TASK GOAL: Transcribe the lines of the records starting with the one that has "Some of the text" in it and ending with the last, and transcribe nothing else.

Images for object localization
►

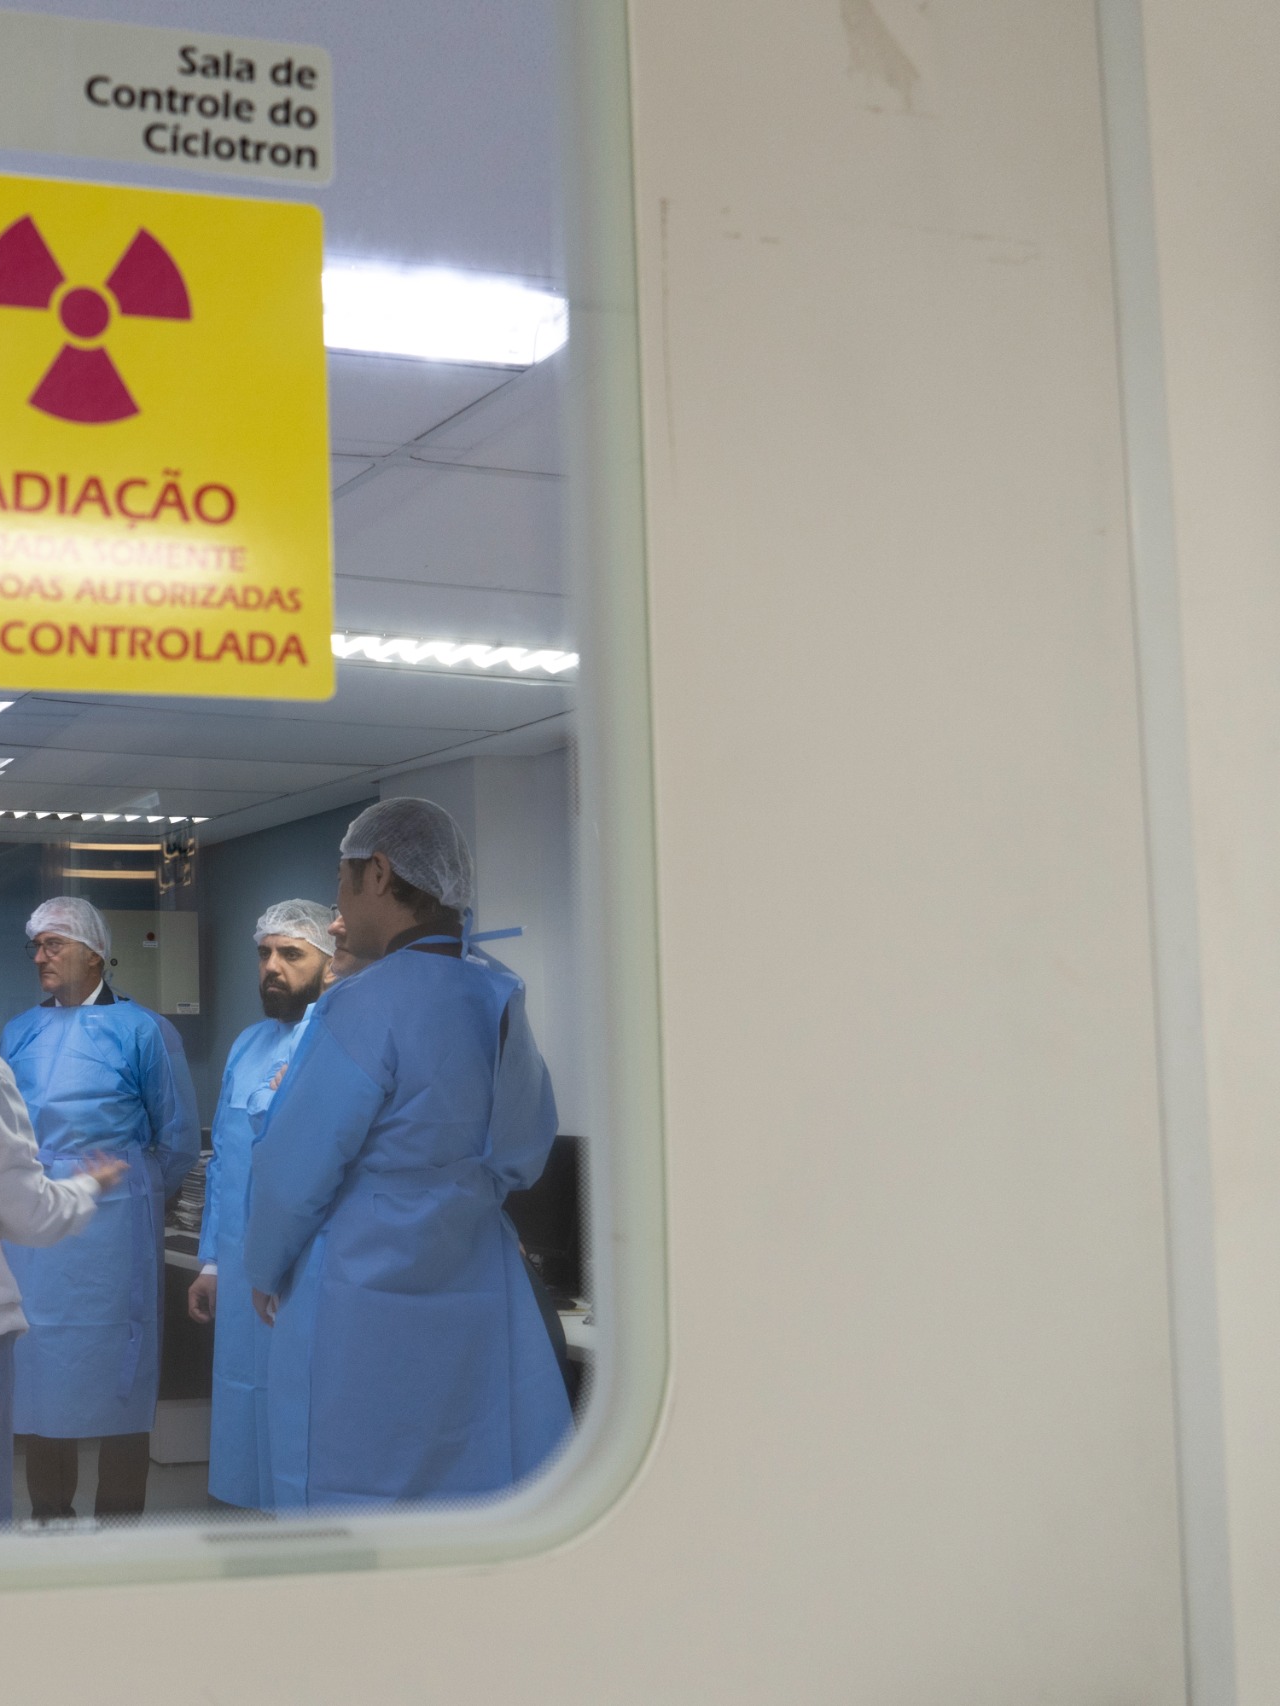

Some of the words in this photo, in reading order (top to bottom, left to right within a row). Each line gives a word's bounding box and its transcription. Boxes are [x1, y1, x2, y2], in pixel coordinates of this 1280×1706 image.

[177, 46, 256, 83] Sala
[269, 59, 317, 89] de
[84, 75, 255, 123] Controle
[268, 97, 317, 129] do
[93, 539, 247, 572] SOMENTE
[75, 581, 301, 613] AUTORIZADAS
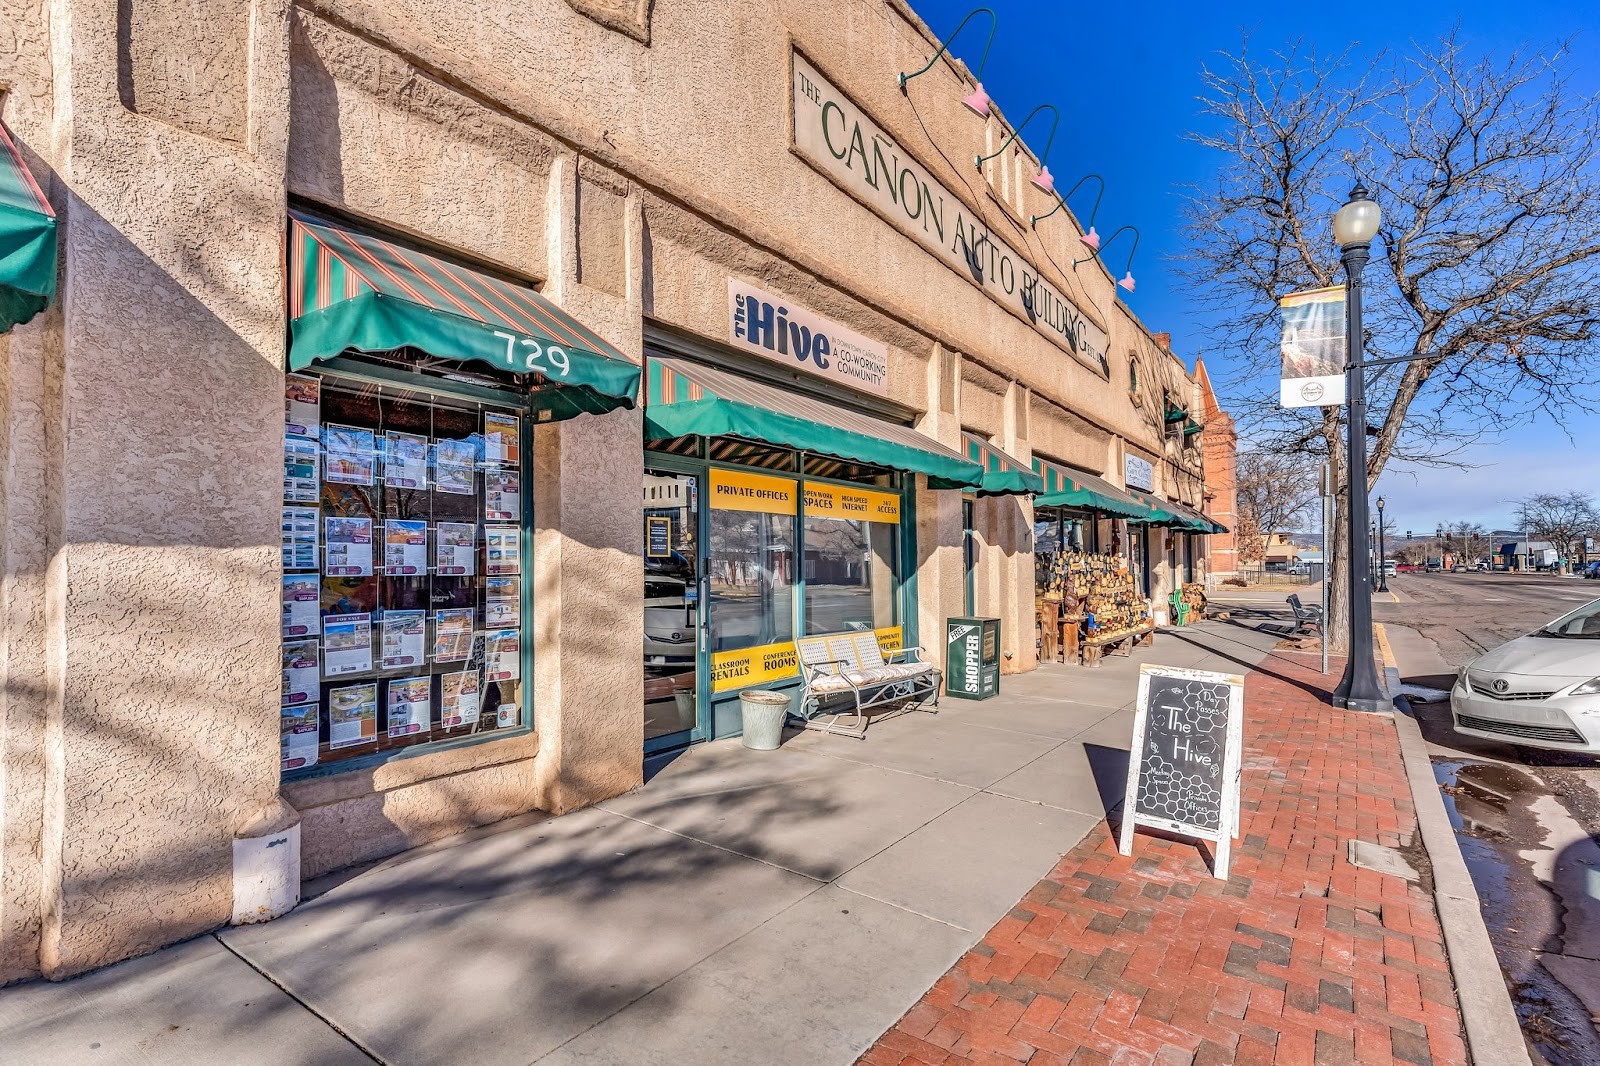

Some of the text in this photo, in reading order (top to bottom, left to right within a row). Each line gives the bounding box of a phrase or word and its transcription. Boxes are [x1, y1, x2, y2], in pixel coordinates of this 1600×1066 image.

[799, 72, 821, 107] THE
[822, 101, 943, 243] CAÑON
[952, 212, 1014, 294] AUTO
[1022, 270, 1086, 351] BUILDING
[734, 294, 745, 338] The
[746, 296, 830, 369] Hive
[494, 331, 570, 376] 729
[837, 339, 862, 354] DOWNTOWN
[833, 347, 886, 376] A CO-WORKING
[838, 361, 882, 386] COMMUNITY
[717, 484, 789, 501] PRIVATE OFFICES
[841, 495, 868, 504] HIGH SPEED
[803, 497, 833, 509] SPACES
[842, 503, 868, 512] INTERNET
[877, 506, 897, 514] ACCESS
[950, 625, 966, 640] FREE
[763, 650, 797, 661] CONFERENCE
[711, 658, 750, 671] CLASSROOM
[764, 657, 796, 671] ROOMS
[965, 635, 979, 693] SHOPPER
[711, 666, 750, 682] RENTALS
[1195, 700, 1220, 715] Passes
[1203, 691, 1220, 708] Day
[1161, 705, 1191, 733] The
[1173, 737, 1212, 766] Hive

◄

YOUR RESPONSE:
Some of the text in this photo, in reading order (top to bottom, left to right within a row). Each line gives the bounding box of a phrase or word and its transcription. Boxes are [x1, y1, x2, y2], in pixel coordinates of this 1600×1066 image.

[799, 72, 821, 107] THE
[822, 101, 943, 243] CAÑON
[952, 212, 1014, 294] AUTO
[1022, 270, 1086, 351] BUILDING
[734, 294, 745, 338] The
[746, 296, 830, 369] Hive
[494, 331, 570, 376] 729
[837, 339, 862, 354] DOWNTOWN
[833, 347, 886, 376] A CO-WORKING
[838, 361, 882, 386] COMMUNITY
[717, 484, 789, 501] PRIVATE OFFICES
[841, 495, 868, 504] HIGH SPEED
[803, 497, 833, 509] SPACES
[842, 503, 868, 512] INTERNET
[877, 506, 897, 514] ACCESS
[950, 625, 966, 640] FREE
[763, 650, 797, 661] CONFERENCE
[711, 658, 750, 671] CLASSROOM
[764, 657, 796, 671] ROOMS
[965, 635, 979, 693] SHOPPER
[711, 666, 750, 682] RENTALS
[1195, 700, 1220, 715] Passes
[1203, 691, 1220, 708] Day
[1161, 705, 1191, 733] The
[1173, 737, 1212, 766] Hive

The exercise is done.